45 EE  Tue, Jun 6, 2006 5:04:12pm

Just a little bit more from Dr. Tashbih Sayyed's excellent article, linked in #40.
Dr. Sayyed, a Muslim who emigrated from Pakistan, and escaped from the Islamists there, knows about the Islamist mindset. Here are some key paragraphs of his excellent article, concerning the effect that Olmert's plan would have.

Most people realize that the Arabs do not want peace with Israel; they want Israel's complete and utter destruction. This is the only explanation as to why they launched an unrelenting campaign of terror against the Jewish state instead of accepting the Camp David summit in 2000, which promised them the entire Gaza Strip and 91 percent of the West Bank in exchange for full recognition of Israel and an end to the Israeli-Palestinian conflict.

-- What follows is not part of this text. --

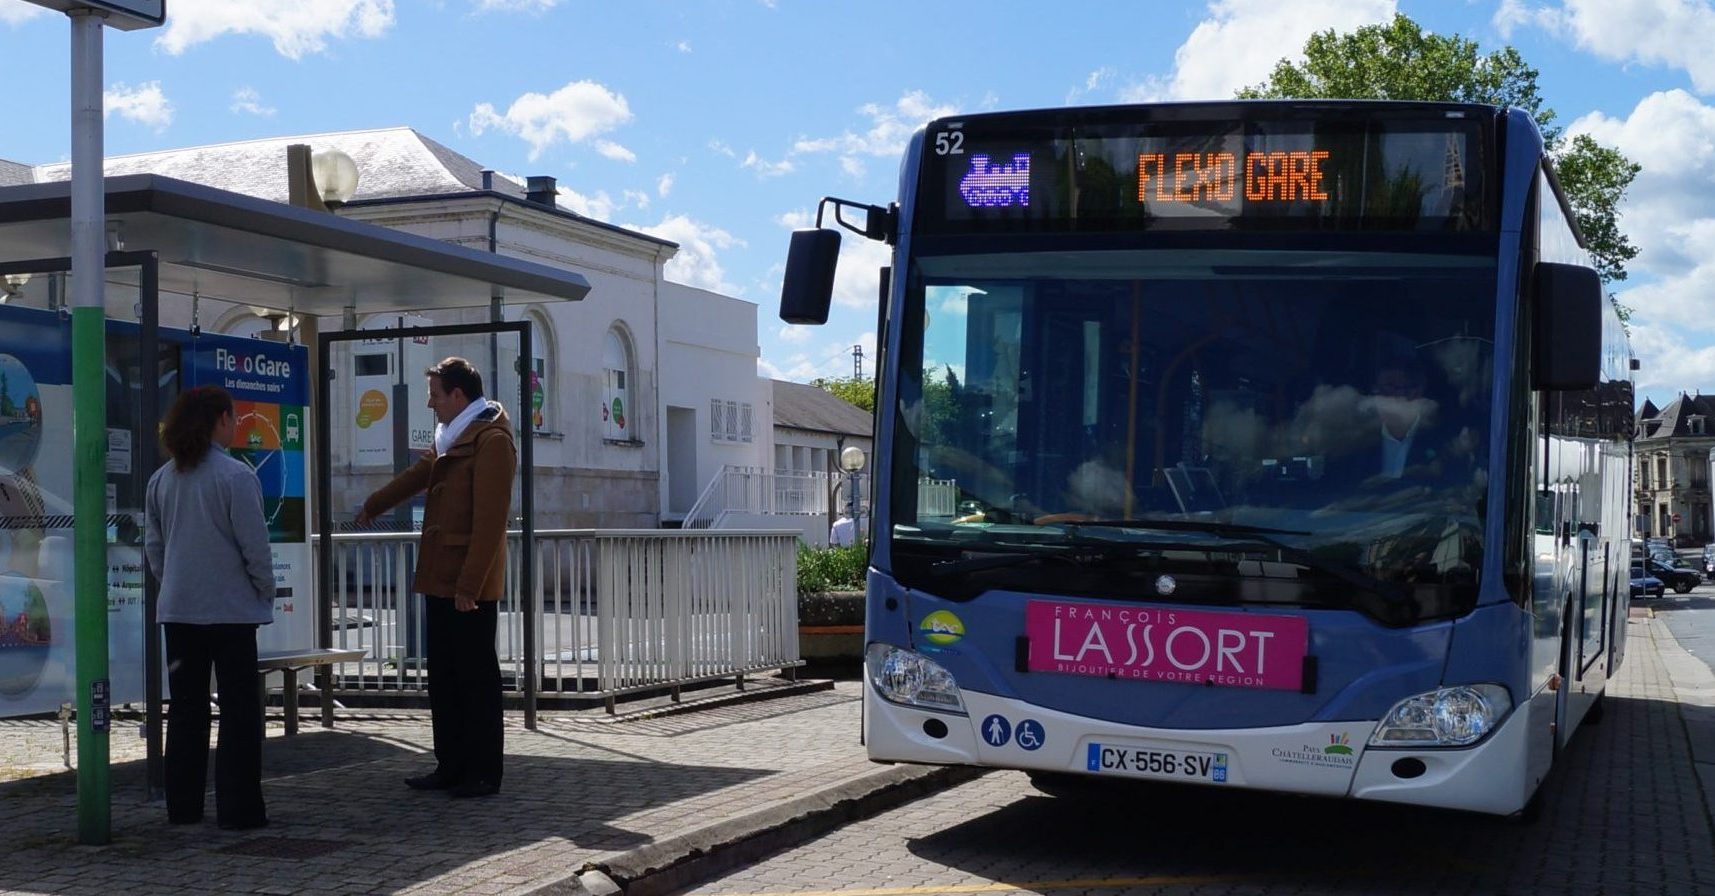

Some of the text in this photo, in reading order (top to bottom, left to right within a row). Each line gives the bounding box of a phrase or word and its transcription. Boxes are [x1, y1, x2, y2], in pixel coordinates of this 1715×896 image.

Anyone with knowledge of the Islamist mindset would acknowledge that Israeli Prime Minister Ehud Olmert's Convergence plan will only serve to empower the Islamist terorists. The Arabs will gain control over the entire Gaza Strip, the West Bank and a portion of Jerusalem without recognizing Israel, and without putting an end to the ongoing terrorist attacks.


The Gaza and northern Samaria disengagement was seen by the Arabs as a reward for their terrorist campaign and resulted in the Hamas victory in the elections. Olmert's Convergence plan will also reinforce the radical belief that homicide bombings work. A Palestinian state established on the foundation that terror wins will be an armed and militant anti-Semitic state.


And here is an important paragraph concerning the terrible impact that Olmert's plan will have on the region.

Olmert's plan will further undermine U.S. efforts to establish democracy in the region by laying the foundation for an undemocratic, fascist Islamist state that will devote itself to the destruction of the only working democracy in the Middle East -- Israel. A Palestinian state will destroy all chances of a permanent regional stability. An Islamist state that causes the subjugation of Zionism will naturally become an inspiration for the radical Islamists in countries like Iran, Syria, Egypt, Saudi Arabia, Tunis, Morocco and Algeria. Olmert's plan will lead to a destabilization of the Middle East, pose a serious threat to Jordan and threaten US interests throughout the Arab world. It will, without doubt, create a large, terrorist infrastructure in a region where we are trying to achieve peace.
46 Ben F  Tue, Jun 6, 2006 5:29:37pm

Another lie that one frequently finds in the media is that the prisoners' document implicitly recognizes Israel's "right to exist." By no stretch of the imagination does it do so; at most it recognizes the fact of Israel's existence.

The most important thing about the prisoners' document is that, by assigning PNA security forces the roles of "confronting the aggression and the occupation" and addressing "the need to coordinate and organize the relation with the forces of resistance and organize and protect their weapons," it repudiates the abandonment of violence that Arafat promised in 1993.

47 arier_Tzvi  Tue, Jun 6, 2006 5:40:49pm

what about Jewish right to self determination, Freedom and to live life in a Jewish homeland that we were living in before Militant Islam took over... We Jews want the right to return home and live in peace, happiness and democracy in Israel.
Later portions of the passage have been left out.